## Task brief:
Apart from the pictures, return every line of the listing exactly.

## Data excerpts:
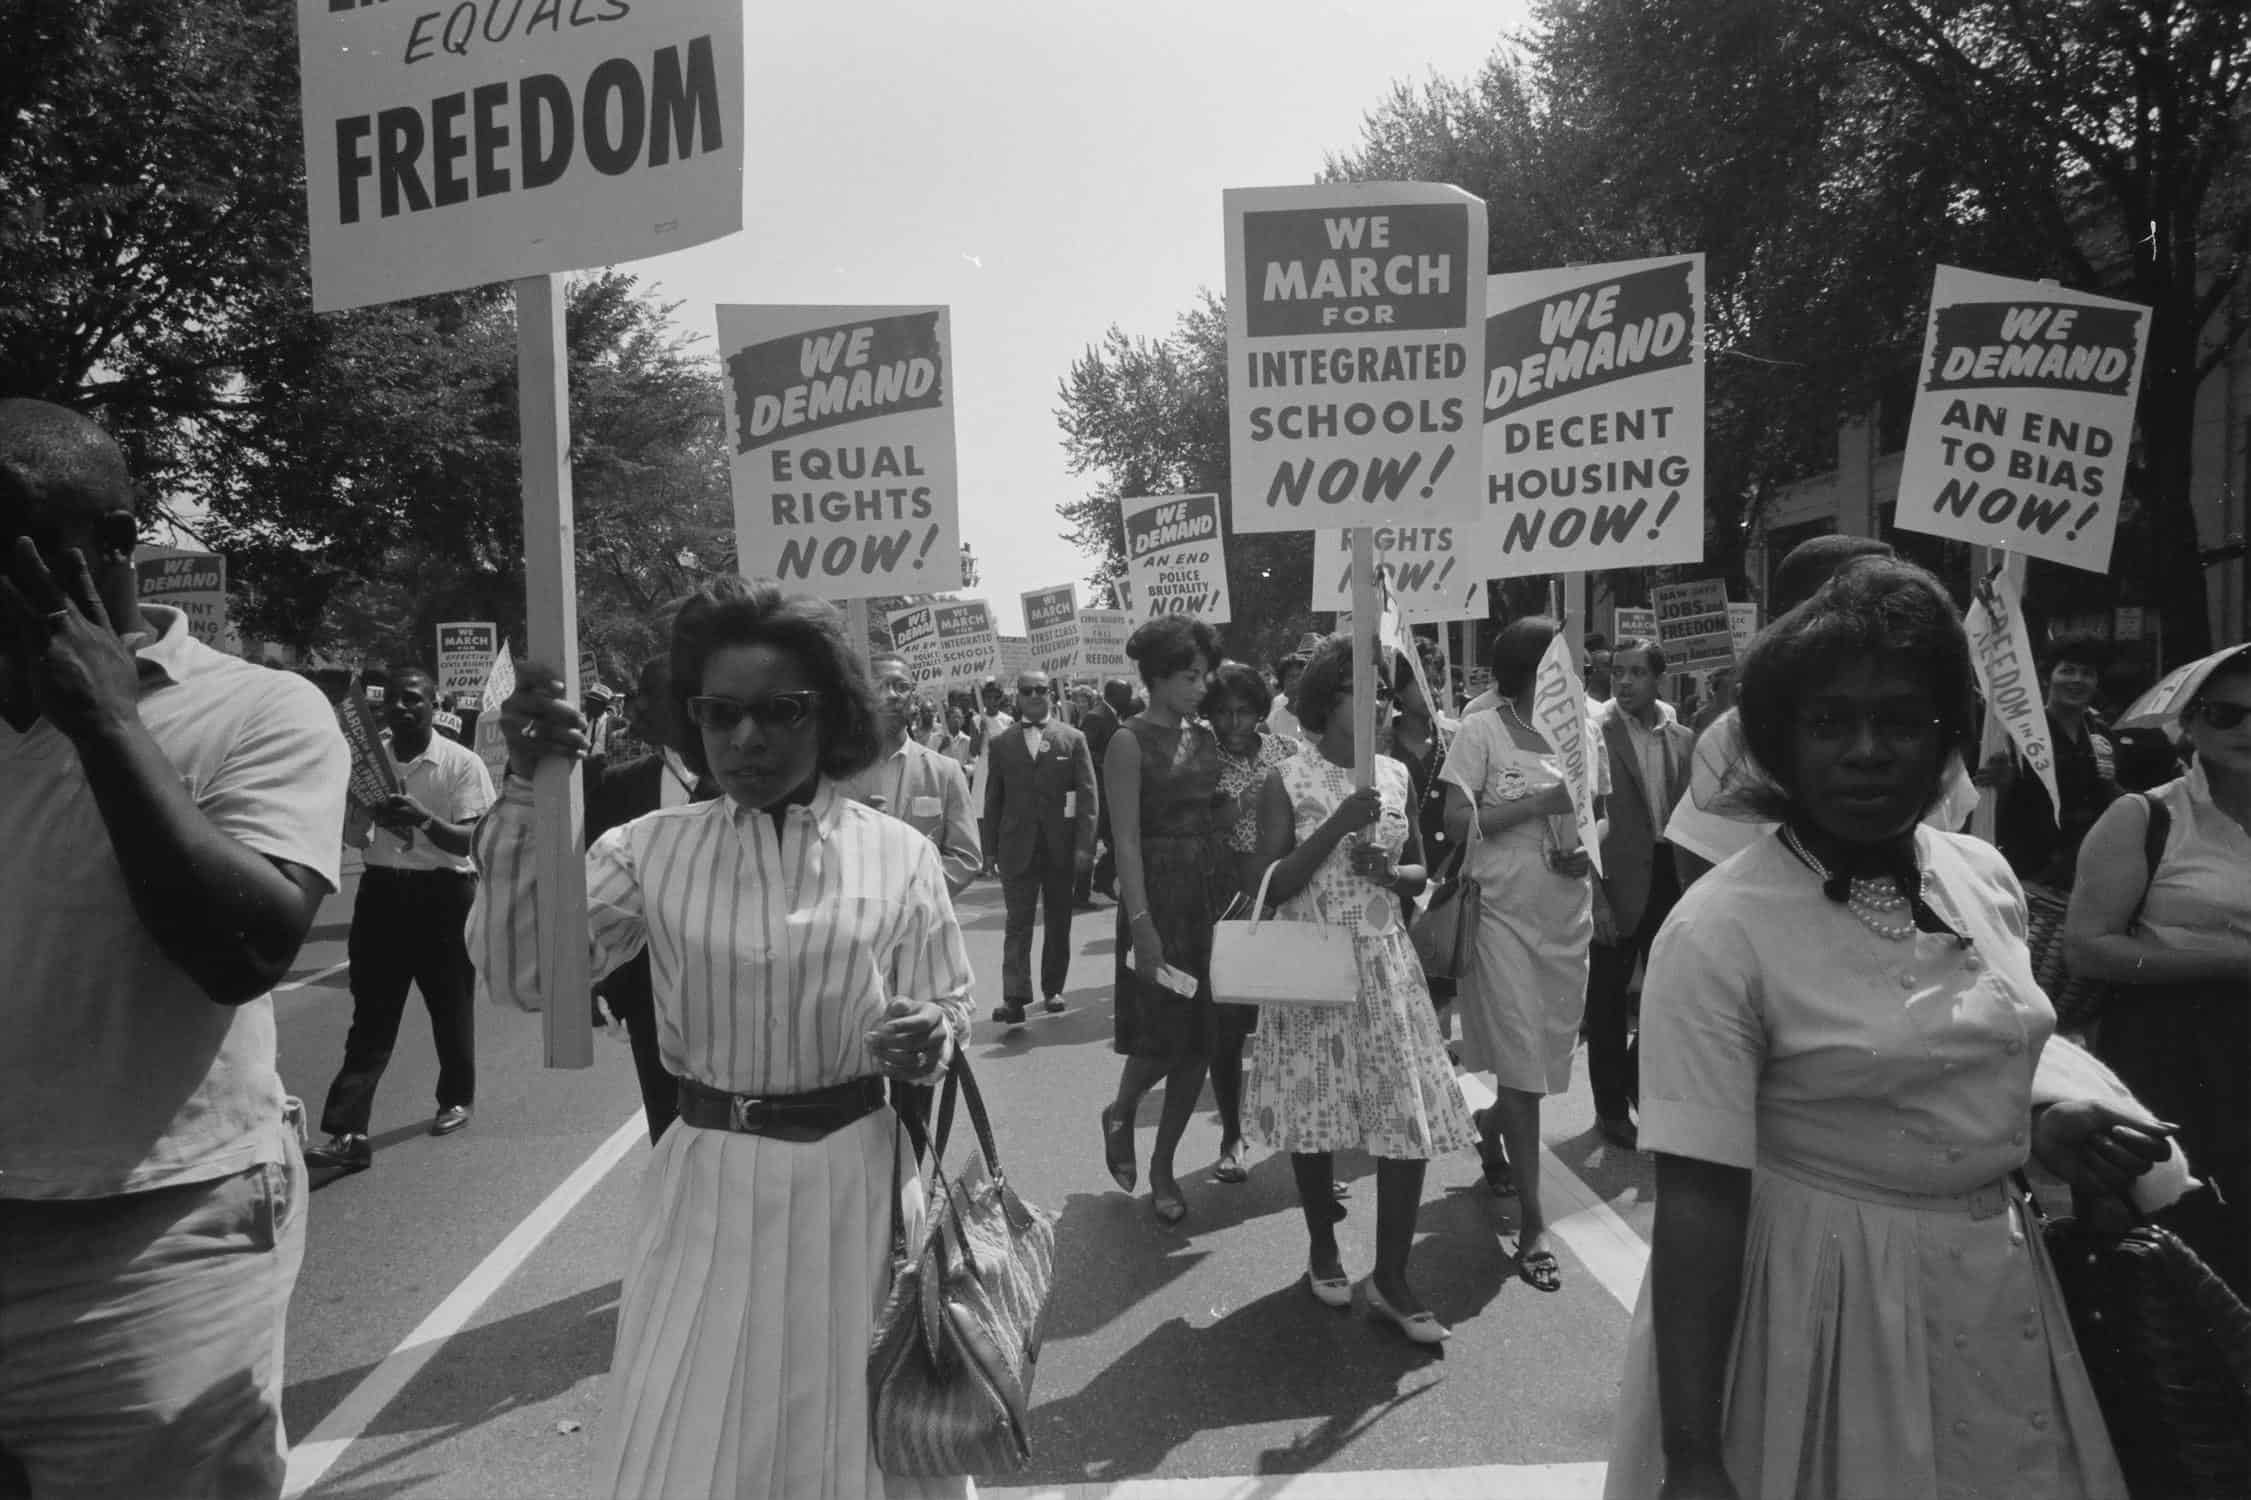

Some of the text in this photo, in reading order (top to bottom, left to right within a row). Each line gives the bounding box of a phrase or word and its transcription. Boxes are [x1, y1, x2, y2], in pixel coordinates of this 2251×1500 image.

[404, 0, 630, 64] EQUALS
[336, 34, 723, 224] FREEDOM
[1324, 216, 1390, 249] WE
[1263, 254, 1450, 301] MARCH
[1322, 304, 1395, 326] FOR
[1540, 285, 1620, 345] WE
[2000, 307, 2078, 341] WE
[800, 327, 874, 378] WE
[1248, 343, 1466, 388] INTEGRATED
[1485, 312, 1686, 410] DEMAND
[1942, 344, 2127, 382] DEMAND
[750, 357, 935, 437] DEMAND
[1250, 398, 1463, 442] SCHOOLS
[1505, 406, 1673, 454] DECENT
[1940, 399, 2112, 458] AN END
[771, 445, 925, 482] EQUAL
[1266, 444, 1455, 507] NOW!
[1489, 456, 1690, 504] HOUSING
[1941, 436, 2104, 496] TO BIAS
[771, 487, 931, 525] RIGHTS
[1156, 502, 1188, 526] WE
[1502, 490, 1680, 553] NOW!
[1933, 478, 2099, 541] NOW!
[776, 523, 939, 580] NOW!
[1136, 515, 1213, 554] DEMAND
[164, 559, 195, 574] WE
[1144, 552, 1210, 567] AN END
[1160, 570, 1200, 583] POLICE
[143, 572, 218, 593] DEMAND
[1148, 582, 1208, 596] BRUTALITY
[908, 610, 928, 627] WE
[941, 613, 985, 630] MARCH
[1032, 602, 1071, 619] MARCH
[1149, 589, 1220, 617] NOW!
[444, 636, 488, 645] MARCH
[943, 632, 992, 649] INTEGRATED
[943, 644, 995, 662] SCHOOLS
[1535, 661, 1583, 783] FREEDOM

## Response box:
Some of the text in this photo, in reading order (top to bottom, left to right within a row). Each line gives the bounding box of a phrase or word and its transcription. Boxes are [x1, y1, x2, y2], in pixel coordinates of this 2251×1500 image.

[404, 0, 630, 64] EQUALS
[336, 34, 723, 224] FREEDOM
[1324, 216, 1390, 249] WE
[1263, 254, 1450, 301] MARCH
[1322, 304, 1395, 326] FOR
[1540, 285, 1620, 345] WE
[2000, 307, 2078, 341] WE
[800, 327, 874, 378] WE
[1248, 343, 1466, 388] INTEGRATED
[1485, 312, 1686, 410] DEMAND
[1942, 344, 2127, 382] DEMAND
[750, 357, 935, 437] DEMAND
[1250, 398, 1463, 442] SCHOOLS
[1505, 406, 1673, 454] DECENT
[1940, 399, 2112, 458] AN END
[771, 445, 925, 482] EQUAL
[1266, 444, 1455, 507] NOW!
[1489, 456, 1690, 504] HOUSING
[1941, 436, 2104, 496] TO BIAS
[771, 487, 931, 525] RIGHTS
[1156, 502, 1188, 526] WE
[1502, 490, 1680, 553] NOW!
[1933, 478, 2099, 541] NOW!
[776, 523, 939, 580] NOW!
[1136, 515, 1213, 554] DEMAND
[164, 559, 195, 574] WE
[1144, 552, 1210, 567] AN END
[1160, 570, 1200, 583] POLICE
[143, 572, 218, 593] DEMAND
[1148, 582, 1208, 596] BRUTALITY
[908, 610, 928, 627] WE
[941, 613, 985, 630] MARCH
[1032, 602, 1071, 619] MARCH
[1149, 589, 1220, 617] NOW!
[444, 636, 488, 645] MARCH
[943, 632, 992, 649] INTEGRATED
[943, 644, 995, 662] SCHOOLS
[1535, 661, 1583, 783] FREEDOM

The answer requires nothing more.